Żegnaj dziadku. Dałeś mi tak wiele. Uczyłeś, żeby kochać świat ludzi i Boga. Kochałeś Polskę, której tak wiele oddałeś. Wyzwalałeś Wilno, walczyłeś w Bitwie pod Surkontami, po wojnie jako żołnierz niezłomny, wciąż stawiałeś opór za co na wiele wiele lat trafiłeś do więzienia. Nigdy nie czułeś się bohaterem. Ale nim byłeś. Tak bardzo pragnąłeś żeby inni podzielali Twoją miłość do Polski. Obiecuje nieść Cię w sercu zawsze. Kpt. Marian Markiewicz ps. „Maryl” – napisał Maciej Musiał na swoim Instagramie.
Maciej Musiał poinformował swoich fanów, że jego dziadek brał również udział w sławnej akcji „Burza”. To w ramach tej samej akcji wybuchło Powstanie Warszawskie.
W ramach Akcji „Burza” w lipcu 1944 r. wziął udział w wyzwalaniu Wilna spod niemieckiej okupacji (Operacja „Ostra Brama”). 21 sierpnia 1944 r. wziął udział w Bitwie pod Surkontami – uważanej za pierwszą bitwę Powstania Antykomunistycznego stoczoną przeciwko wojskom sowieckim. W czasie Bitwy na rozkaz Kalenkiewicza wyprowadził z obławy grupę żołnierzy tym samym ratując im życie. Pozostał w strukturze konspiracyjnej, nadal brał udział w akcjach podziemia niepodległościowego – dodał Musiał.
Zobacz także: Quiz. „Grease” czy „Dirty Dancing”? 10/10 zgarnie tylko mistrz!
Rocznica Powstania Warszawskiego
4 stycznia 1944 r. oddziały Armii Krajowej rozpoczęły szeroko zakrojoną, wojskową operację o kryptonimie „Burza”. Pod nazwą tą kryło się ogólnokrajowe powstanie zbrojne, skierowane przeciwko niemieckiemu okupantowi. Natomiast sama akcja rozpoczęła się tuż po przekroczeniu przez Armię Czerwoną przedwojennej polskiej granicy na Wołyniu.
Powstanie Warszawskie miało miejsce 1 sierpnia 1944 roku i trwało nieco ponad dwa miesiące. Wydarzenie to na stałe zapisało się w sercach Polaków i wyryło w nich trwały i krwawy ślad.
Okazało się ono największą operacją militarną Armii Krajowej i najpoważniejszą bitwą stoczoną przez rodaków podczas II wojny światowej. Waleczni Polacy z podziemnej organizacji walczyli do ostatniej kropli krwi i stawili bohaterski opór wojskom okupanta.
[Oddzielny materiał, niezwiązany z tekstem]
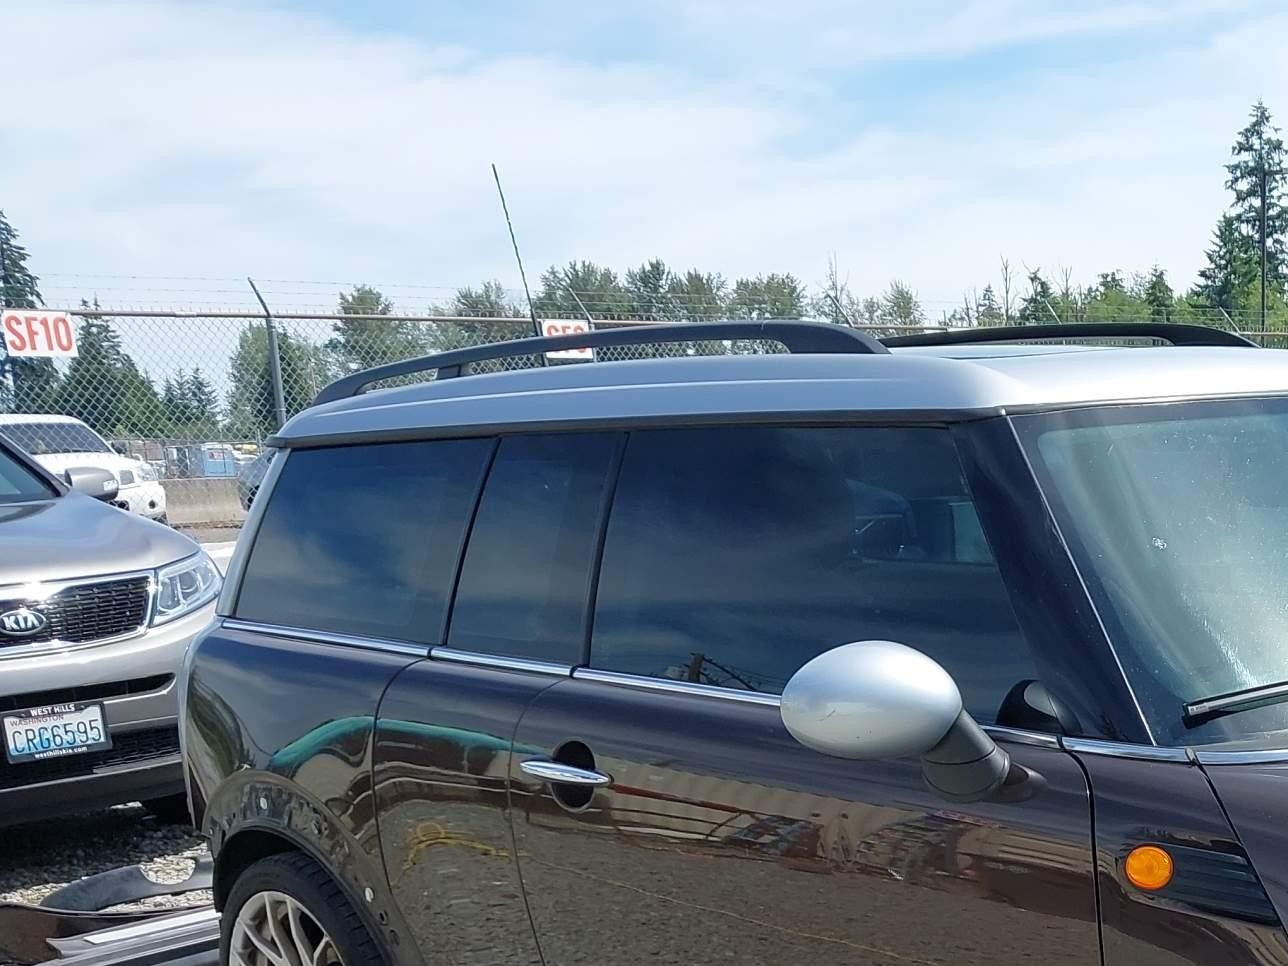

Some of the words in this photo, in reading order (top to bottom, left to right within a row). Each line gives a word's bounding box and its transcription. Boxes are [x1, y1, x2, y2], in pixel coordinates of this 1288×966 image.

[5, 315, 73, 352] SF10
[2, 615, 40, 630] KIA
[30, 706, 53, 717] WEST
[54, 703, 76, 713] HILLS
[9, 714, 64, 727] WASHINGTON
[12, 719, 102, 753] CRG6595
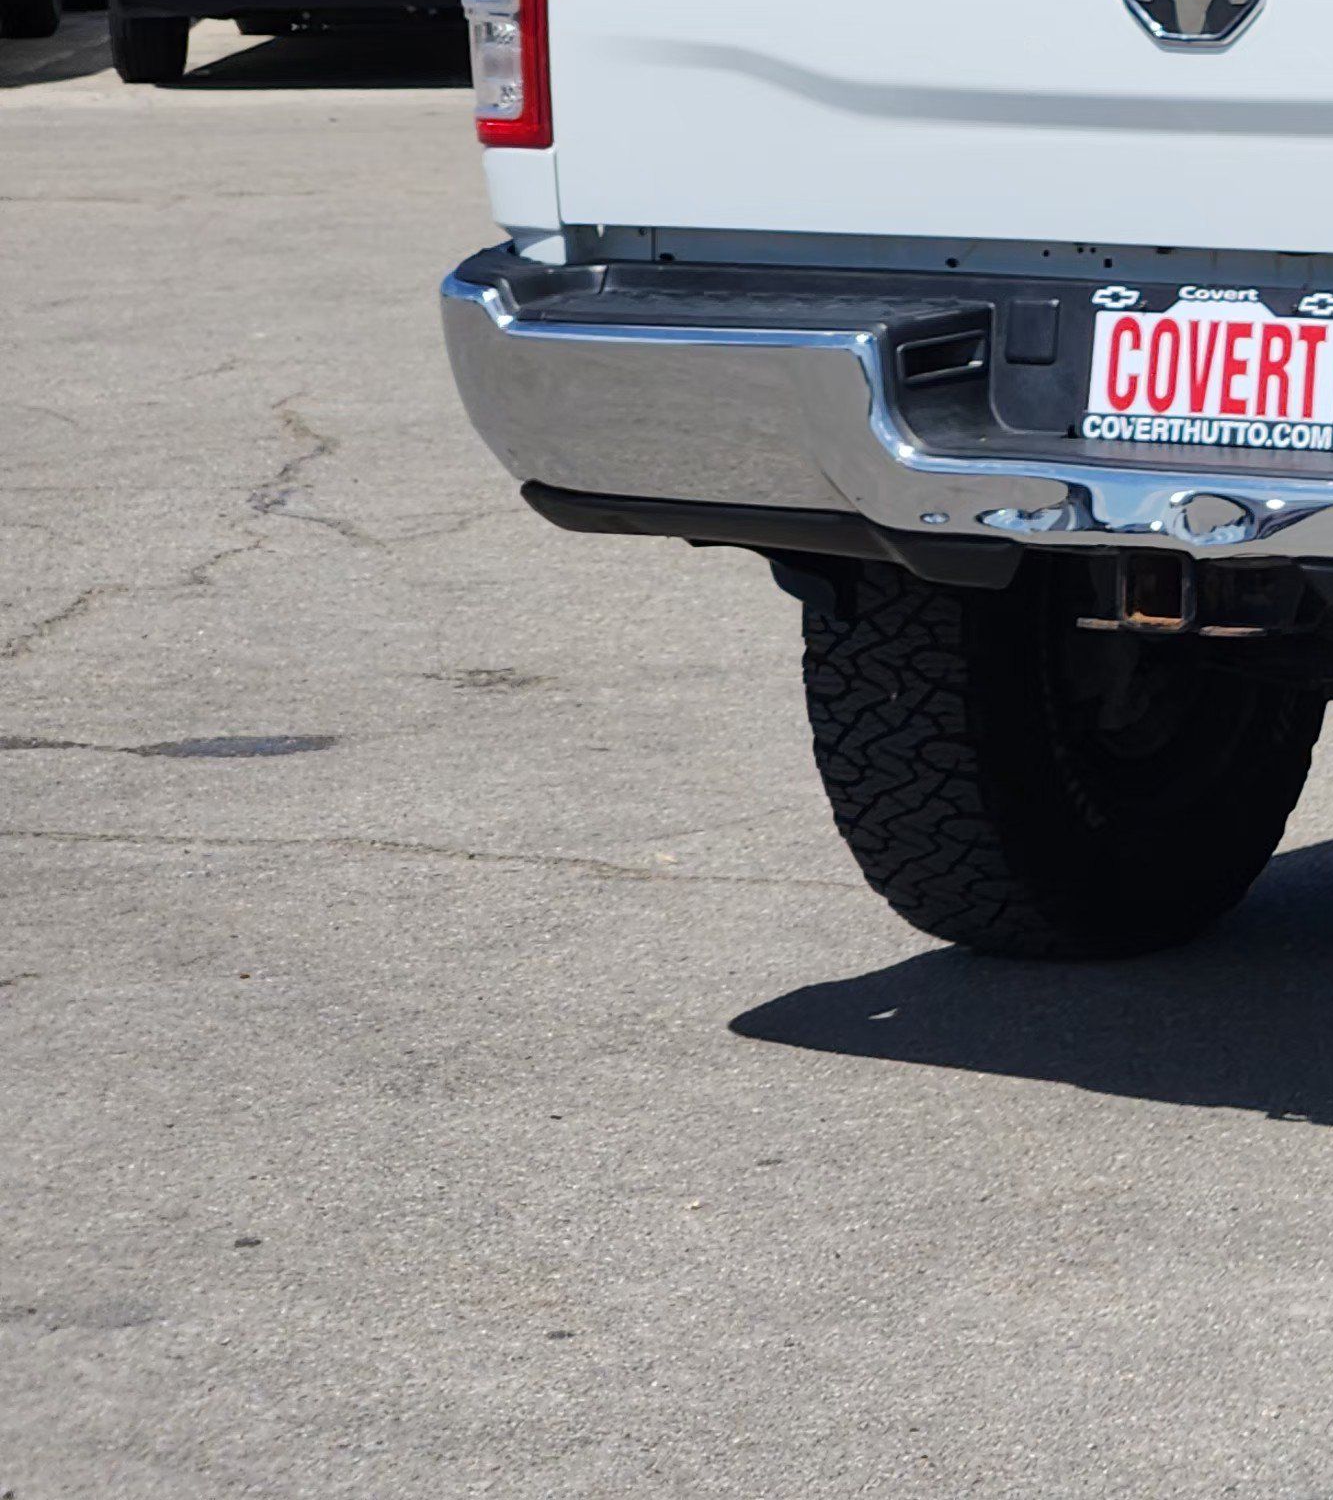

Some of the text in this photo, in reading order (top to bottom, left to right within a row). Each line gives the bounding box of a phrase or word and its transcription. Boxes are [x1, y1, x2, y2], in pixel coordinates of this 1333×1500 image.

Zobacz także: Pol’and’Rock Festival 2023. Kto zagra na dużej scenie? Harmonogram, godziny, daty
Dlaczego 1 sierpnia wyją syreny?
Wyjące syreny alarmowe mają przypomnieć Polakom o ważnym wydarzeniu historycznym – 79. rocznicy wybuchu Powstania Warszawskiego. 1 sierpnia 2023 roku o godz. 17.00 tradycyjnie już usłyszymy syreny alarmowe. Jak co roku, Polacy z całego kraju oddadzą w ciszy hołd poległym powstańcom i ludności cywilnej, która zginęła przed niemal ośmioma dekadami. Syreny alarmowe zostaną uruchomione na 60 sekund, emitując ciągły dźwięk.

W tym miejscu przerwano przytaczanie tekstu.